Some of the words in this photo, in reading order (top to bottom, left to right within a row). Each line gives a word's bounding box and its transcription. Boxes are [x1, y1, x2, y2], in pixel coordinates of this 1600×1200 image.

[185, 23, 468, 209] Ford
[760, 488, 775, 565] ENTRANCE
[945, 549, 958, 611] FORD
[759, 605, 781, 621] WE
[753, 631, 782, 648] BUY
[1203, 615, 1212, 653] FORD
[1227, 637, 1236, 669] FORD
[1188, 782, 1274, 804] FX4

::::

* Work order:
Return all of the listing above exactly, leaving nothing out.

* Answer below:
Some of the words in this photo, in reading order (top to bottom, left to right within a row). Each line gives a word's bounding box and its transcription. Boxes are [x1, y1, x2, y2], in pixel coordinates of this 1600×1200 image.

[185, 23, 468, 209] Ford
[760, 488, 775, 565] ENTRANCE
[945, 549, 958, 611] FORD
[759, 605, 781, 621] WE
[753, 631, 782, 648] BUY
[1203, 615, 1212, 653] FORD
[1227, 637, 1236, 669] FORD
[1188, 782, 1274, 804] FX4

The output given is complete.